Images for object localization

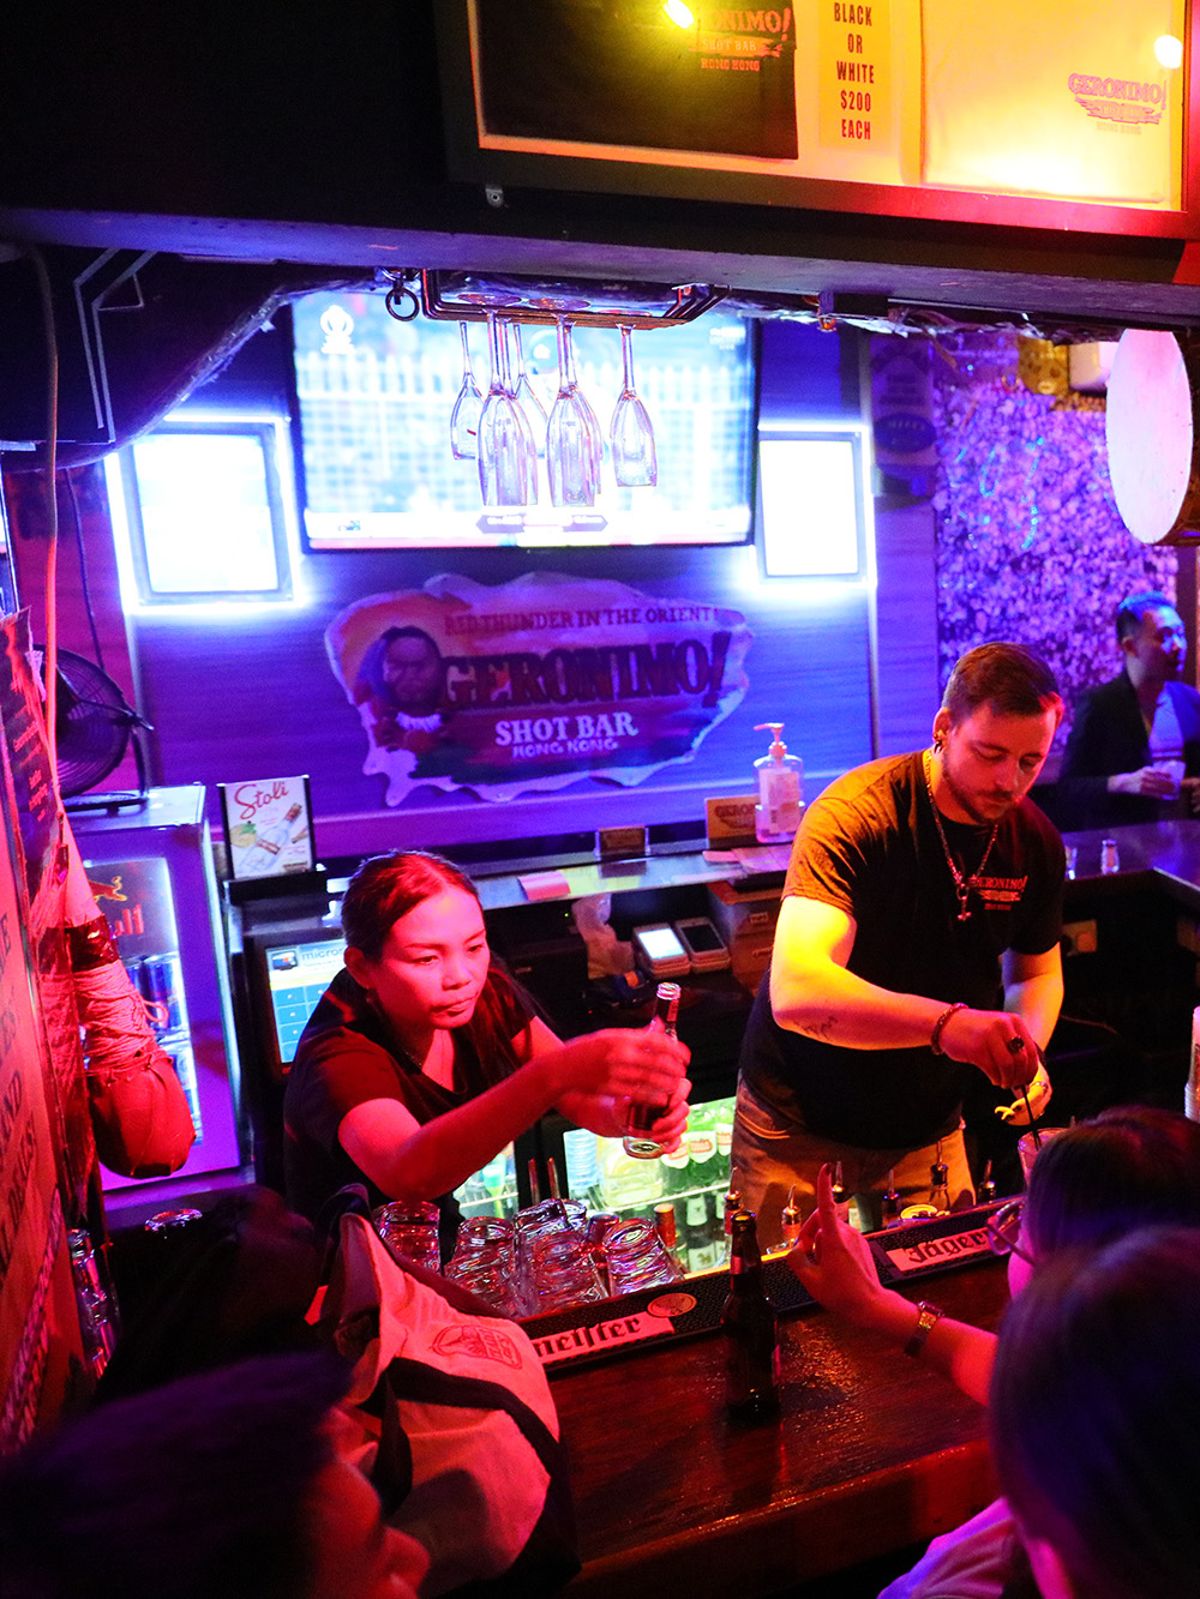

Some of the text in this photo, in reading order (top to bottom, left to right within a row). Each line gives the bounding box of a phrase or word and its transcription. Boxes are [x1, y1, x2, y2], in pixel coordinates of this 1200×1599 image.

[834, 2, 872, 26] BLACK
[848, 33, 863, 54] OR
[701, 58, 760, 72] HONG KONG
[836, 60, 874, 84] WHITE
[841, 90, 871, 112] $200
[841, 119, 871, 140] EACH
[576, 609, 600, 627] IN
[601, 608, 641, 625] THE
[440, 631, 732, 709] GERONIMO!
[495, 711, 639, 746] SHOT BAR
[512, 737, 618, 758] HONG KONG
[234, 781, 289, 820] Stoli
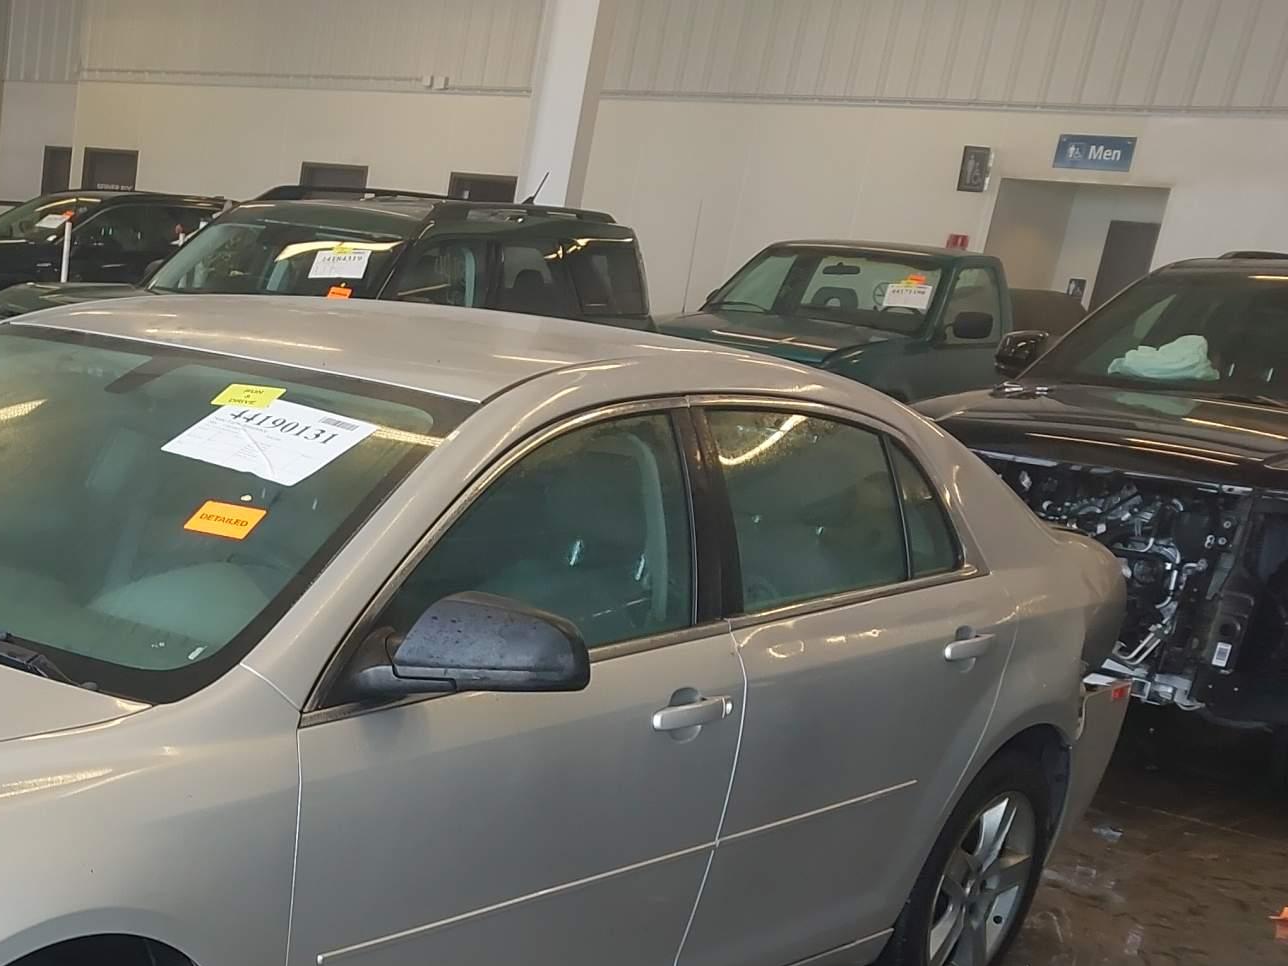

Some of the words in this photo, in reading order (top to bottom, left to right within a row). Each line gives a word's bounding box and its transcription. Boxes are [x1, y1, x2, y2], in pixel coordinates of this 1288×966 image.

[1088, 144, 1121, 161] Men
[229, 409, 340, 444] 44190131
[199, 512, 249, 528] DETAILED
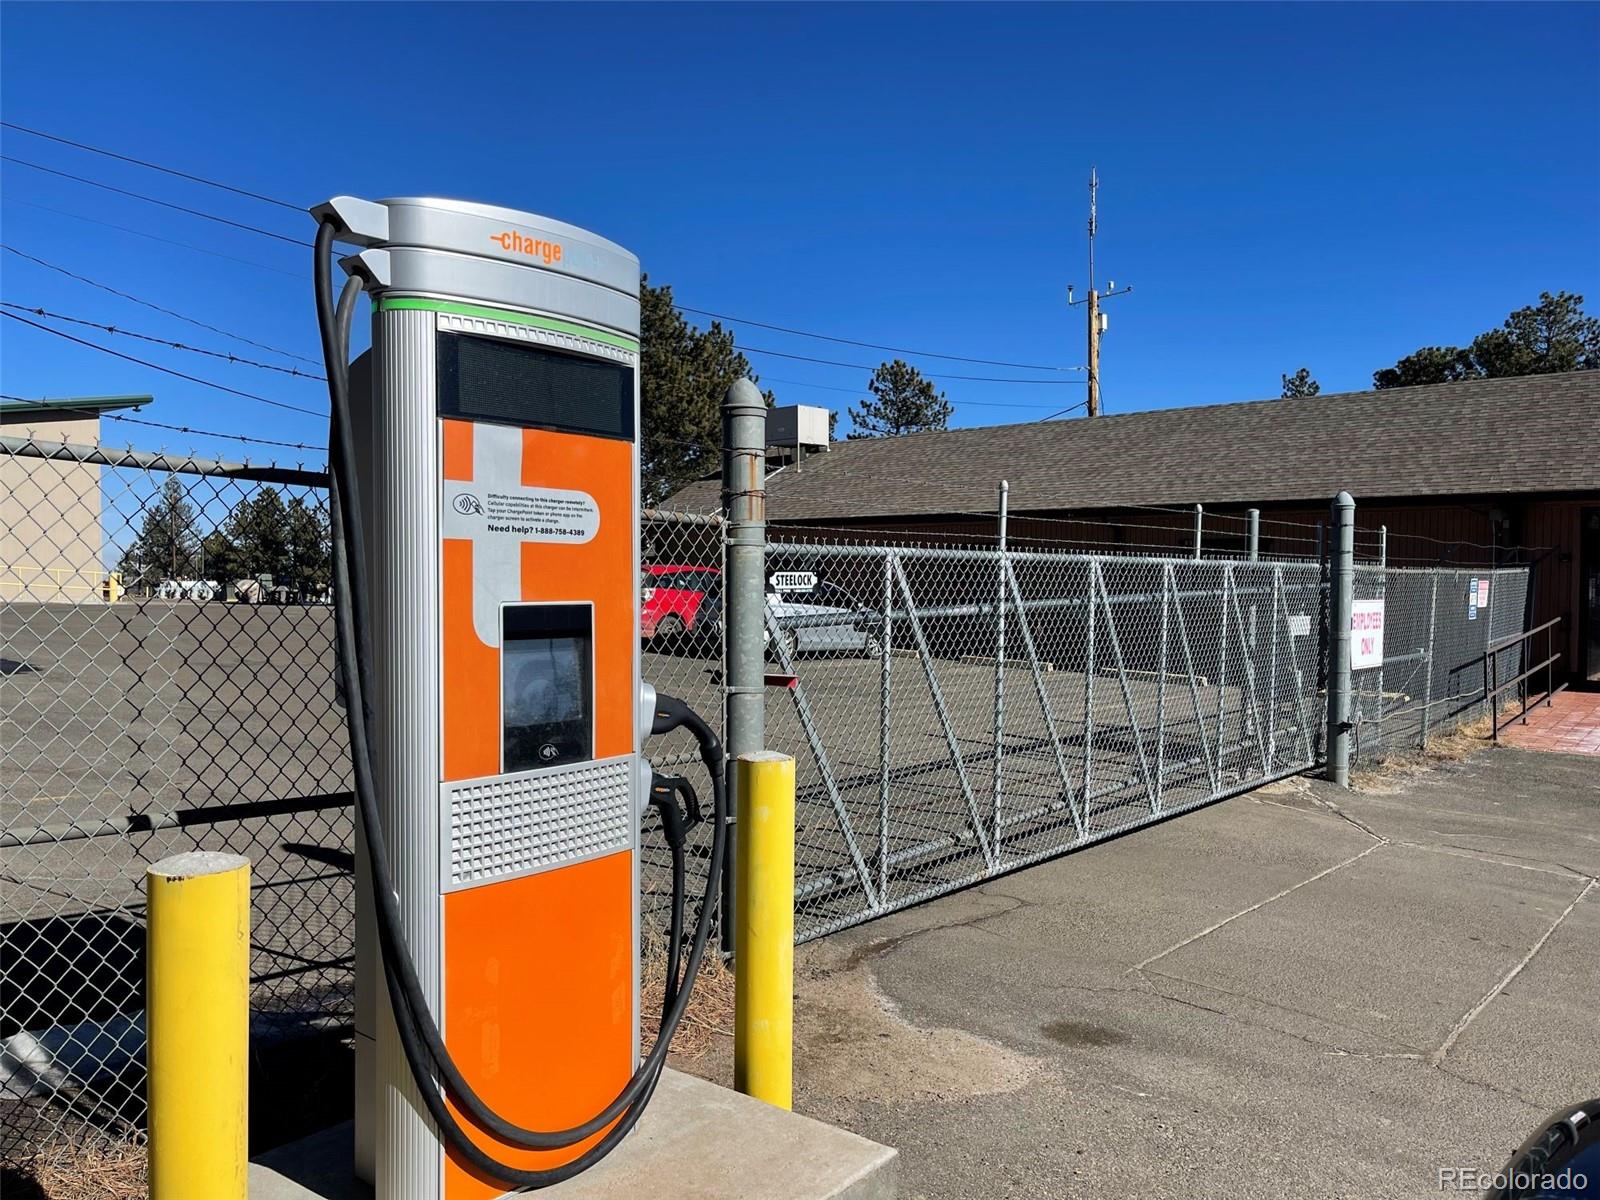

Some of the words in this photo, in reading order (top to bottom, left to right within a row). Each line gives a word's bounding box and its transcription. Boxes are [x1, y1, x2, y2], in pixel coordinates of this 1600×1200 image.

Task instructions => Output each entry verbatim; none of the pictures should be included.

Answer =>
Some of the text in this photo, in reading order (top to bottom, left to right within a row). Each line gives the bounding box of a phrase or word and its transcription. Boxes are [x1, y1, x2, y2], in pixel coordinates of this 1200×1599 image.

[834, 2, 872, 26] BLACK
[848, 33, 863, 54] OR
[701, 58, 760, 72] HONG KONG
[836, 60, 874, 84] WHITE
[841, 90, 871, 112] $200
[841, 119, 871, 140] EACH
[576, 609, 600, 627] IN
[601, 608, 641, 625] THE
[440, 631, 732, 709] GERONIMO!
[495, 711, 639, 746] SHOT BAR
[512, 737, 618, 758] HONG KONG
[234, 781, 289, 820] Stoli

Some of the words in this photo, in reading order (top to bottom, left to right within a row). Each line gives a word's bounding box and its transcription. Boxes are [x1, y1, x2, y2], in pixel coordinates of this 1288×966 image.

[1088, 144, 1121, 161] Men
[229, 409, 340, 444] 44190131
[199, 512, 249, 528] DETAILED

Some of the words in this photo, in reading order (top to bottom, left to right within a row). Each line gives a word's bounding box and its transcription. Boxes are [x1, y1, x2, y2], in pixel coordinates of this 1600×1200 image.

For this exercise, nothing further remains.